(Spatial localization data)
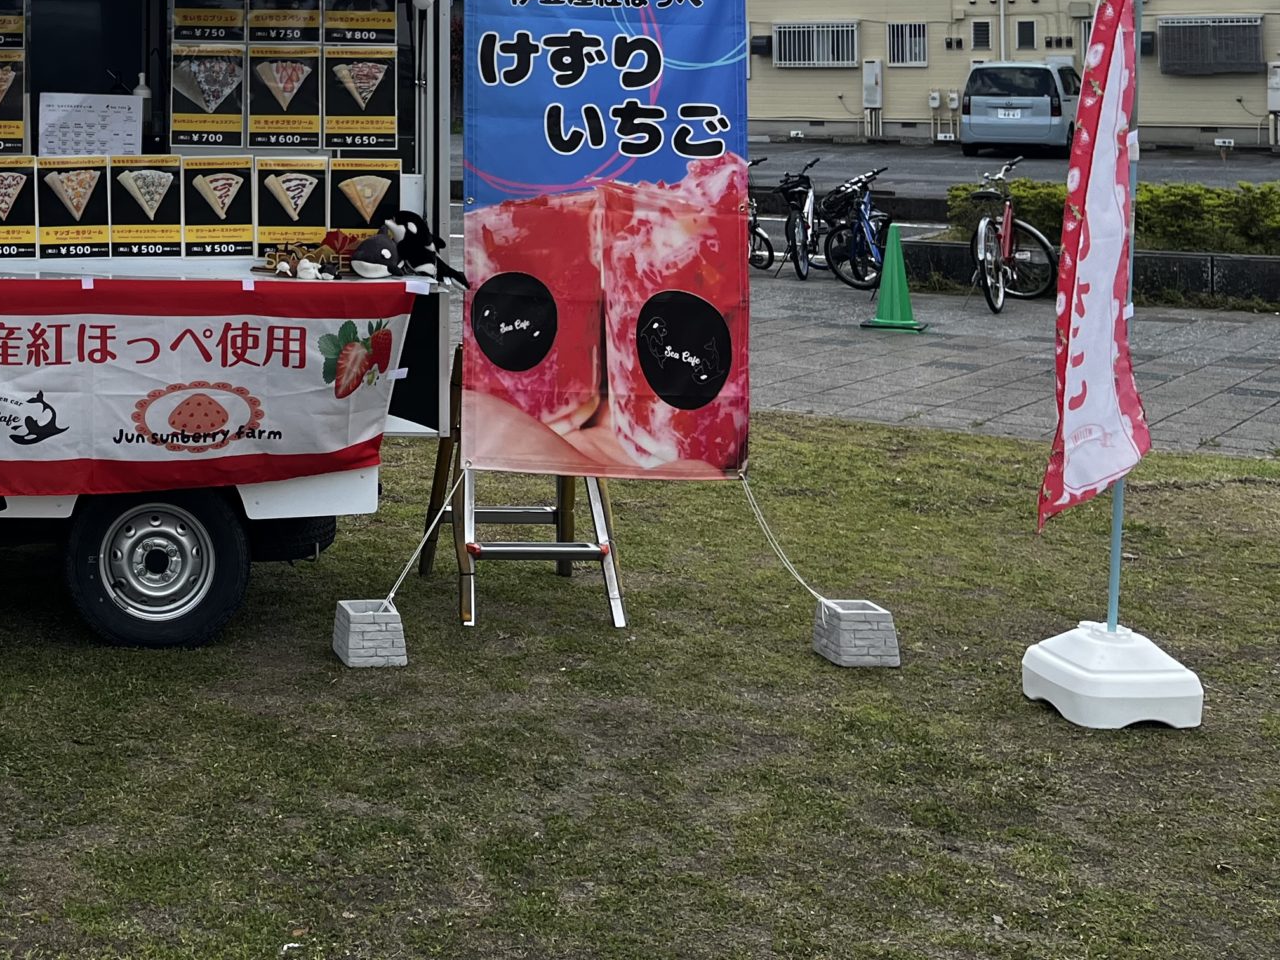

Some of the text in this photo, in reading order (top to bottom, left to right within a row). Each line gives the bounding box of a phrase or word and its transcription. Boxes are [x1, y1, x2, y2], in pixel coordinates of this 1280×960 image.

[195, 28, 225, 38] ¥750
[270, 30, 301, 39] ¥750
[345, 31, 377, 40] ¥800
[478, 28, 665, 90] けずり
[544, 98, 731, 159] いちご
[192, 133, 223, 143] ¥700
[270, 135, 301, 144] ¥600
[345, 136, 377, 145] ¥650
[59, 246, 91, 256] ¥500
[131, 244, 163, 254] ¥500
[204, 244, 236, 253] ¥500
[664, 346, 701, 366] Sea Cafe
[113, 424, 282, 445] Jun sunberry farm
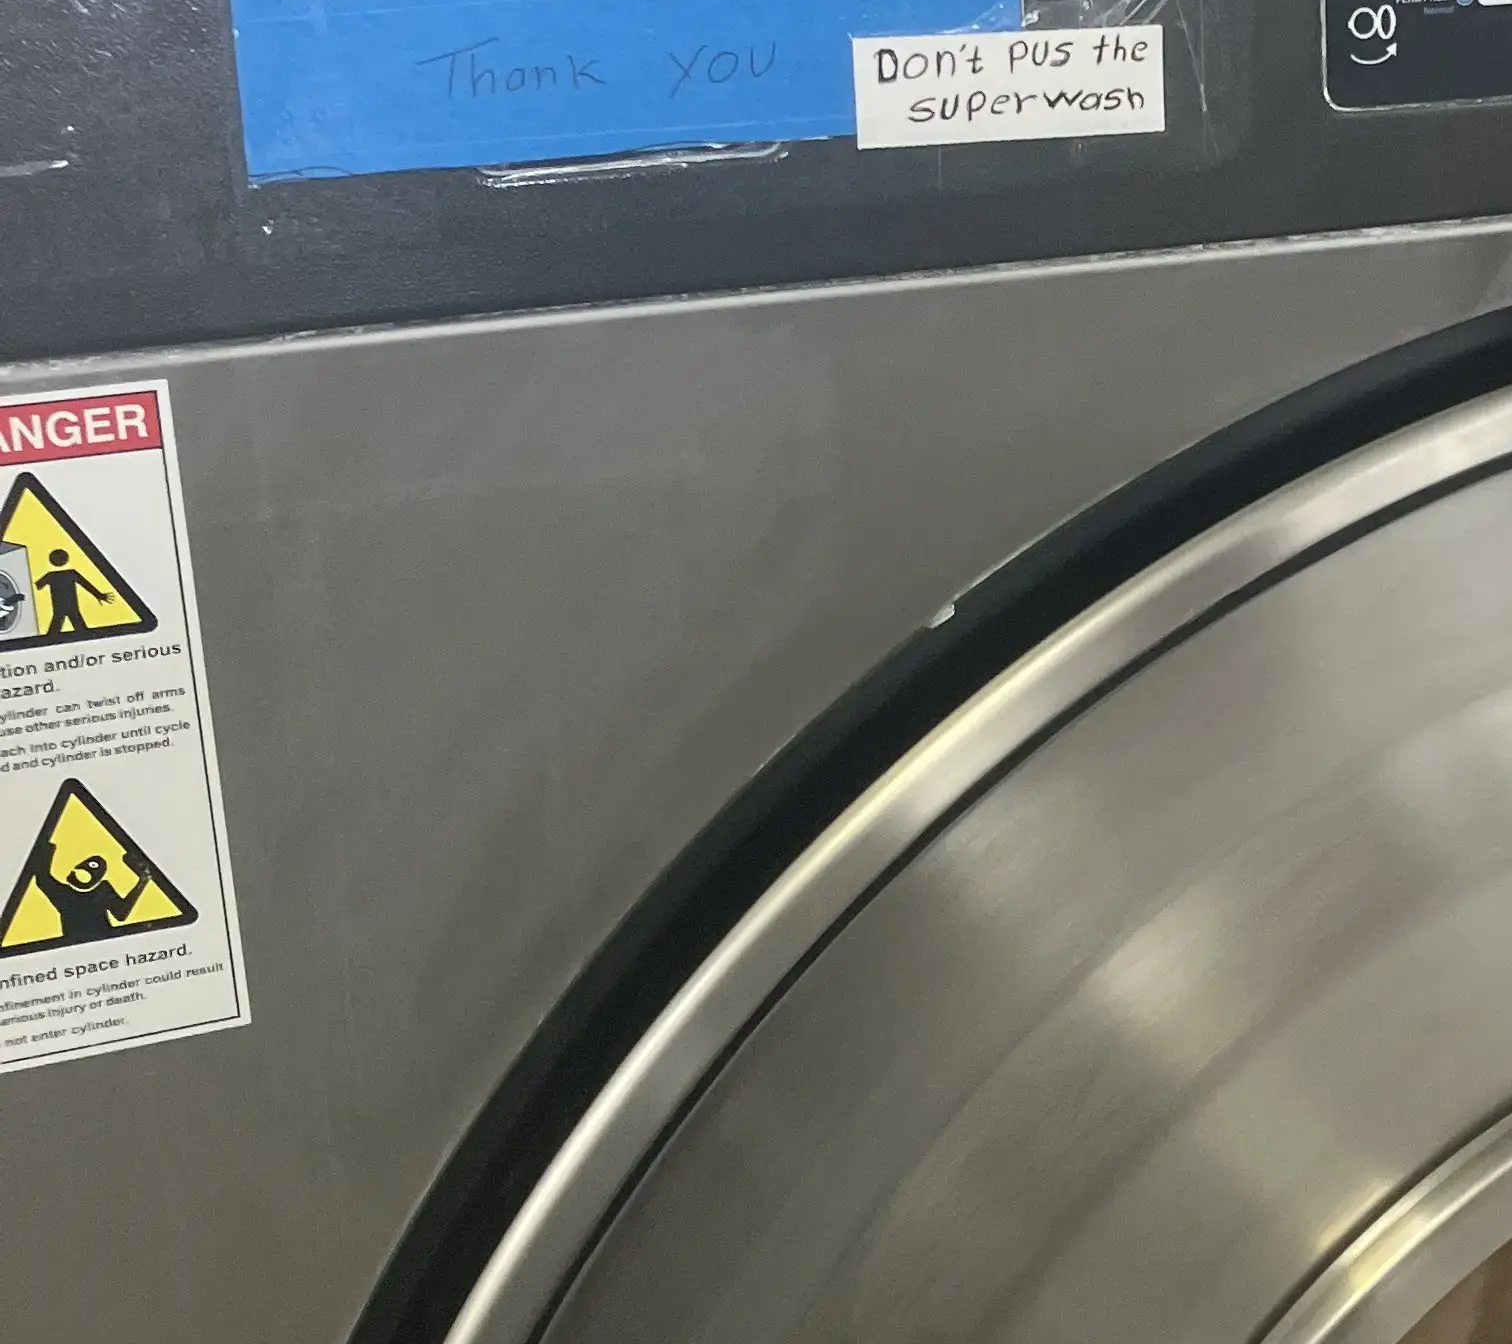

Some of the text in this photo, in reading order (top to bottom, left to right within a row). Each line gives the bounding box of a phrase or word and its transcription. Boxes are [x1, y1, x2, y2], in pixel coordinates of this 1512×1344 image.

[876, 45, 984, 84] Don't
[1094, 34, 1148, 64] the
[44, 654, 106, 673] and/or
[112, 643, 181, 663] serious
[56, 687, 185, 714] can twist off arms
[25, 720, 62, 733] other
[64, 711, 116, 727] serious
[31, 720, 190, 751] into cylinder until cycle
[13, 758, 39, 771] and
[42, 749, 96, 767] cylinder
[64, 958, 119, 979] space
[125, 943, 192, 967] hazard.
[87, 962, 224, 997] cylinder could result
[31, 1028, 67, 1041] enter
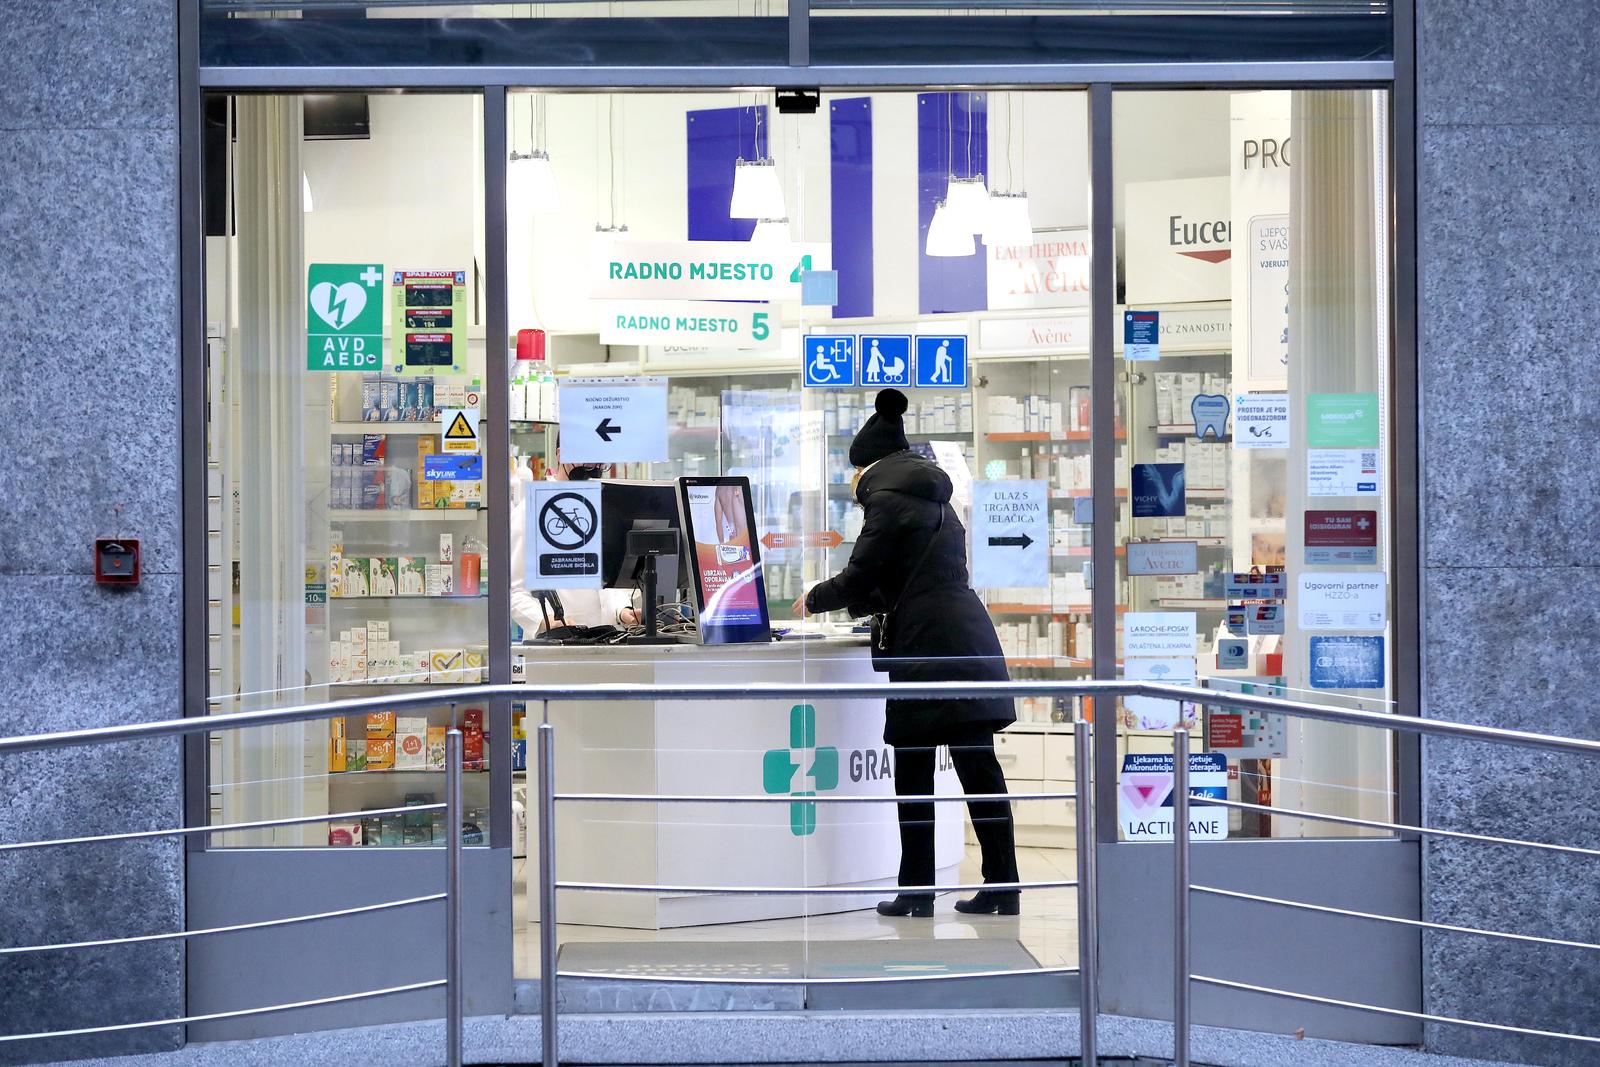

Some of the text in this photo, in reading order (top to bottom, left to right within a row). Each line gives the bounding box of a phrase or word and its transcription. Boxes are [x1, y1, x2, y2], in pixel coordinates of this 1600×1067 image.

[1028, 240, 1089, 259] THERMA
[609, 262, 683, 280] RADNO
[689, 262, 774, 281] MJESTO
[616, 313, 769, 341] RADNO MJESTO 5
[1176, 323, 1226, 334] ZNANOSTI
[1029, 327, 1072, 344] Avène
[323, 338, 365, 351] AVD
[323, 353, 364, 366] AED
[994, 491, 1029, 500] ULAZ S
[983, 503, 1040, 512] TRGA BANA
[1304, 582, 1379, 591] Ugovorni partner
[1133, 756, 1163, 764] Ljekarna
[1164, 756, 1174, 764] ko
[1125, 764, 1173, 773] Mikronutriciju
[1129, 821, 1219, 835] LACTIANE
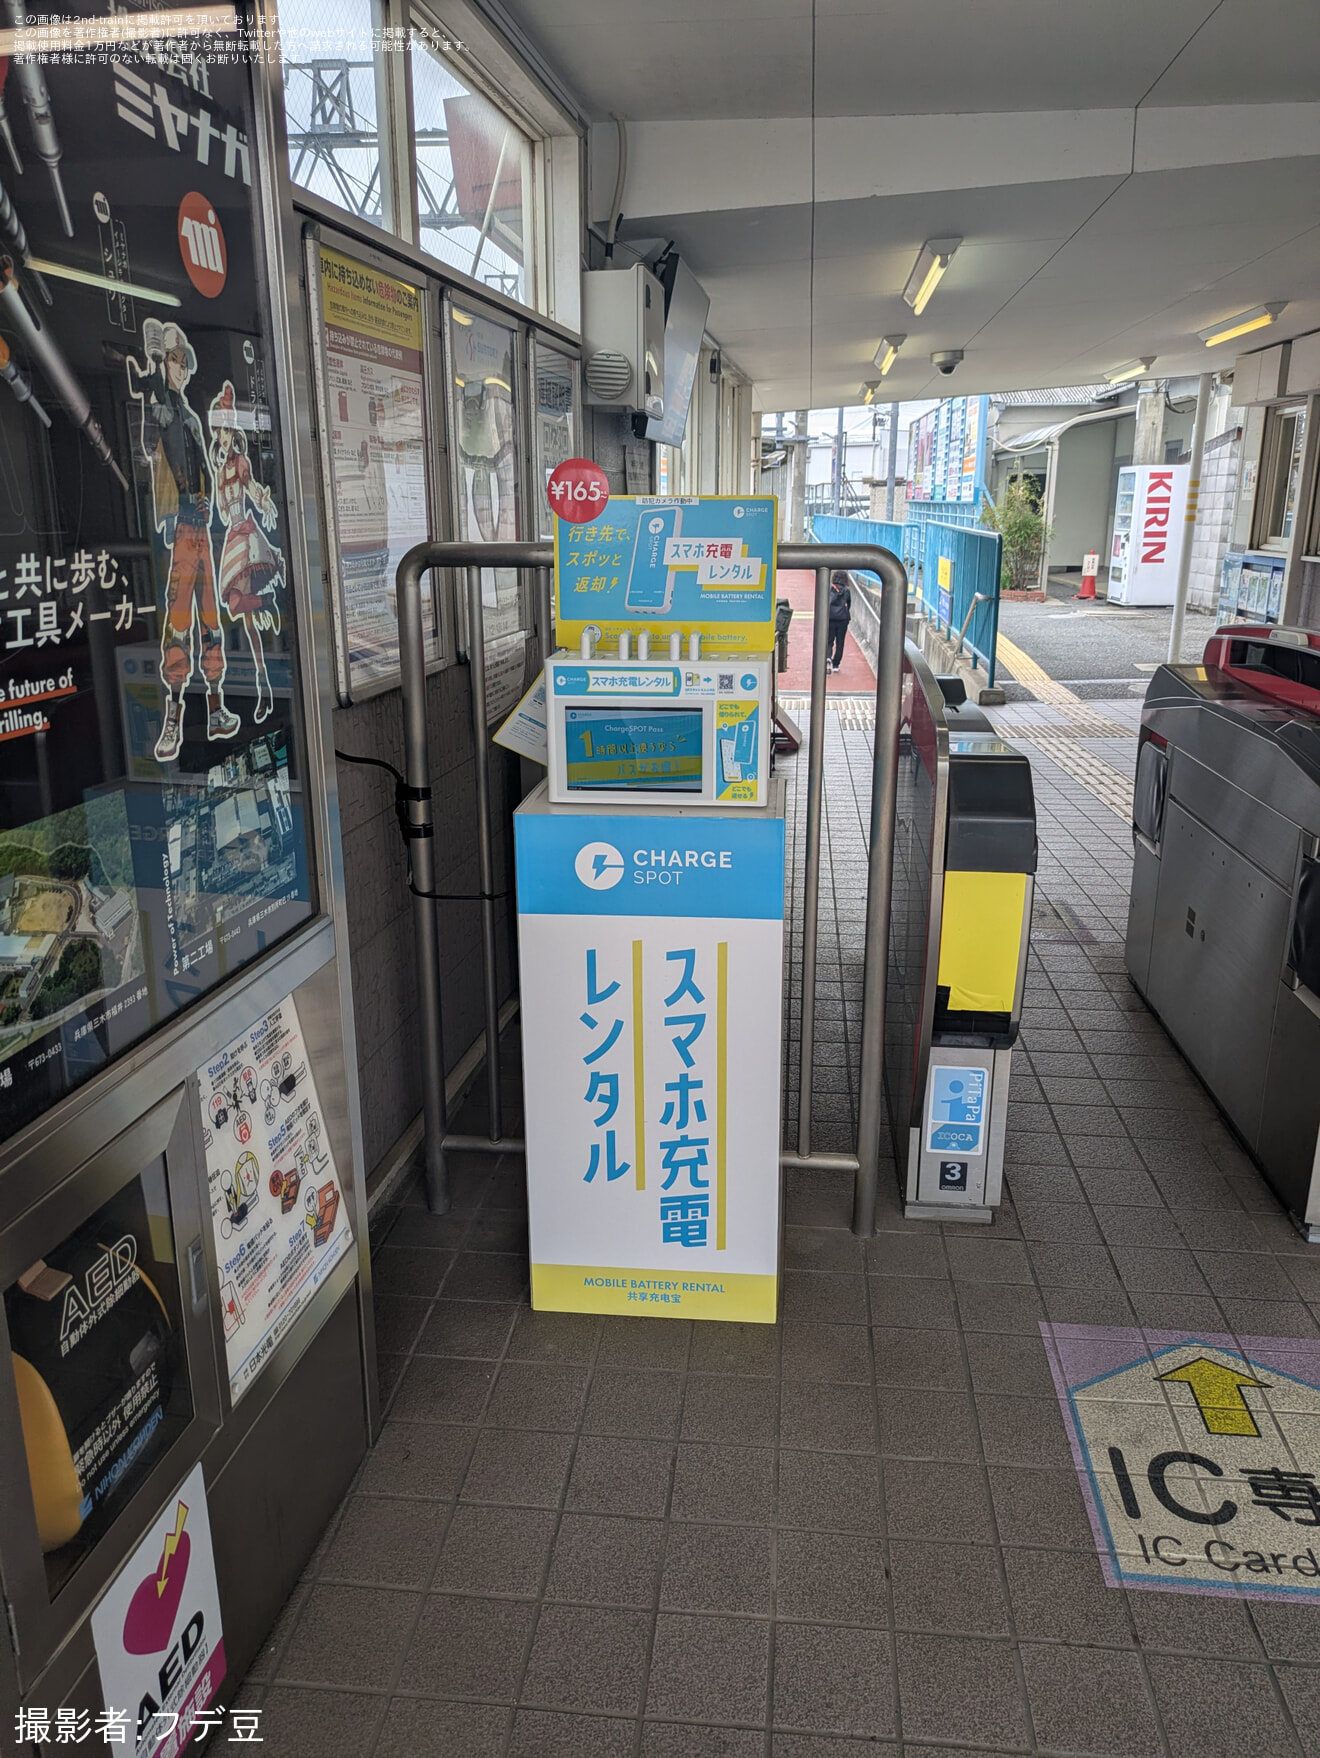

What you should do =
Once the images are removed, print the remaining data exactly as it appears above.

Result =
Some of the text in this photo, in reading order (top to bottom, left to right within a row). Each line gives the bounding box of a phrase or word and its transcription. Boxes are [x1, y1, x2, y2], in pixel coordinates of this 1280×960 image.

[195, 28, 225, 38] ¥750
[270, 30, 301, 39] ¥750
[345, 31, 377, 40] ¥800
[478, 28, 665, 90] けずり
[544, 98, 731, 159] いちご
[192, 133, 223, 143] ¥700
[270, 135, 301, 144] ¥600
[345, 136, 377, 145] ¥650
[59, 246, 91, 256] ¥500
[131, 244, 163, 254] ¥500
[204, 244, 236, 253] ¥500
[664, 346, 701, 366] Sea Cafe
[113, 424, 282, 445] Jun sunberry farm

Some of the text in this photo, in reading order (top to bottom, left to right within a row). Each line gives the bounding box of a phrase or word and its transcription. Boxes are [x1, y1, x2, y2], in pixel coordinates of this 1512×1344 image.

[876, 45, 984, 84] Don't
[1094, 34, 1148, 64] the
[44, 654, 106, 673] and/or
[112, 643, 181, 663] serious
[56, 687, 185, 714] can twist off arms
[25, 720, 62, 733] other
[64, 711, 116, 727] serious
[31, 720, 190, 751] into cylinder until cycle
[13, 758, 39, 771] and
[42, 749, 96, 767] cylinder
[64, 958, 119, 979] space
[125, 943, 192, 967] hazard.
[87, 962, 224, 997] cylinder could result
[31, 1028, 67, 1041] enter

Some of the text in this photo, in reading order (top to bottom, left to right within a row). Each line gives the bounding box of a phrase or word and its transcription. Boxes are [x1, y1, x2, y2], in pixel coordinates of this 1600×1067 image.

[1028, 240, 1089, 259] THERMA
[609, 262, 683, 280] RADNO
[689, 262, 774, 281] MJESTO
[616, 313, 769, 341] RADNO MJESTO 5
[1176, 323, 1226, 334] ZNANOSTI
[1029, 327, 1072, 344] Avène
[323, 338, 365, 351] AVD
[323, 353, 364, 366] AED
[994, 491, 1029, 500] ULAZ S
[983, 503, 1040, 512] TRGA BANA
[1304, 582, 1379, 591] Ugovorni partner
[1133, 756, 1163, 764] Ljekarna
[1164, 756, 1174, 764] ko
[1125, 764, 1173, 773] Mikronutriciju
[1129, 821, 1219, 835] LACTIANE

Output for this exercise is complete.